━━━━━ The data
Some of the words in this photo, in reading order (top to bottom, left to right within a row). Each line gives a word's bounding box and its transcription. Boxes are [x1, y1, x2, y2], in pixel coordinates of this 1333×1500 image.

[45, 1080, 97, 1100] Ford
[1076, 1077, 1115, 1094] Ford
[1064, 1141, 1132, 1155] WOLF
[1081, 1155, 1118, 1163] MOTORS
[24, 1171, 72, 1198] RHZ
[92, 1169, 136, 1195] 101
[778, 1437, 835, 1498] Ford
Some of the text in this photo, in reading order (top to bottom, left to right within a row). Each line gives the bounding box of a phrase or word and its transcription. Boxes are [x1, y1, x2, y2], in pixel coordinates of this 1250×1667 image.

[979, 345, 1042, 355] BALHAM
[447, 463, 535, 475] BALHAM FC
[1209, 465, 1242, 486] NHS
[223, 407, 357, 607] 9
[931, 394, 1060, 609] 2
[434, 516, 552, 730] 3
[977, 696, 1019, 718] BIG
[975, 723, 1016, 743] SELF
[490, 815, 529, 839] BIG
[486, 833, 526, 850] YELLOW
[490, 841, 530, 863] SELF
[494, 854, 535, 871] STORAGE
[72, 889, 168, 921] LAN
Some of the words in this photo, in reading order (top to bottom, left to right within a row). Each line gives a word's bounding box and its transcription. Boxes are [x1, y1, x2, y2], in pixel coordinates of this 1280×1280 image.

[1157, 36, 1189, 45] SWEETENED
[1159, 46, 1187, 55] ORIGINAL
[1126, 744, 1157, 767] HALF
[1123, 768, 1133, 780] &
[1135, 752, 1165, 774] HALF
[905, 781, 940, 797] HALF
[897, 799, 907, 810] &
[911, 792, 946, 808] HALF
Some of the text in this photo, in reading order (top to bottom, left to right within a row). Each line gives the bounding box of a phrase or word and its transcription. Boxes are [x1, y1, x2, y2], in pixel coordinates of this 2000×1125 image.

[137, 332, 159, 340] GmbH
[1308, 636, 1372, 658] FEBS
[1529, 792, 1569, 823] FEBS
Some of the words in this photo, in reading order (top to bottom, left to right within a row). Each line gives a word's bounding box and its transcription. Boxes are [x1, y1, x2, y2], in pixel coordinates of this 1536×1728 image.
━━━━━━━━━━
What to produce
All of the entries should be transcribed exactly as they appear.

Task output
Some of the words in this photo, in reading order (top to bottom, left to right within a row). Each line gives a word's bounding box and its transcription. Boxes are [x1, y1, x2, y2], in pixel coordinates of this 1333×1500 image.

[45, 1080, 97, 1100] Ford
[1076, 1077, 1115, 1094] Ford
[1064, 1141, 1132, 1155] WOLF
[1081, 1155, 1118, 1163] MOTORS
[24, 1171, 72, 1198] RHZ
[92, 1169, 136, 1195] 101
[778, 1437, 835, 1498] Ford
Some of the text in this photo, in reading order (top to bottom, left to right within a row). Each line gives the bounding box of a phrase or word and its transcription. Boxes are [x1, y1, x2, y2], in pixel coordinates of this 1250×1667 image.

[979, 345, 1042, 355] BALHAM
[447, 463, 535, 475] BALHAM FC
[1209, 465, 1242, 486] NHS
[223, 407, 357, 607] 9
[931, 394, 1060, 609] 2
[434, 516, 552, 730] 3
[977, 696, 1019, 718] BIG
[975, 723, 1016, 743] SELF
[490, 815, 529, 839] BIG
[486, 833, 526, 850] YELLOW
[490, 841, 530, 863] SELF
[494, 854, 535, 871] STORAGE
[72, 889, 168, 921] LAN
Some of the words in this photo, in reading order (top to bottom, left to right within a row). Each line gives a word's bounding box and its transcription. Boxes are [x1, y1, x2, y2], in pixel coordinates of this 1280×1280 image.

[1157, 36, 1189, 45] SWEETENED
[1159, 46, 1187, 55] ORIGINAL
[1126, 744, 1157, 767] HALF
[1123, 768, 1133, 780] &
[1135, 752, 1165, 774] HALF
[905, 781, 940, 797] HALF
[897, 799, 907, 810] &
[911, 792, 946, 808] HALF
Some of the text in this photo, in reading order (top to bottom, left to right within a row). Each line gives the bounding box of a phrase or word and its transcription. Boxes are [x1, y1, x2, y2], in pixel coordinates of this 2000×1125 image.

[137, 332, 159, 340] GmbH
[1308, 636, 1372, 658] FEBS
[1529, 792, 1569, 823] FEBS
Some of the words in this photo, in reading order (top to bottom, left to right within a row). Each line gives a word's bounding box and its transcription. Boxes are [x1, y1, x2, y2], in pixel coordinates of this 1536×1728 image.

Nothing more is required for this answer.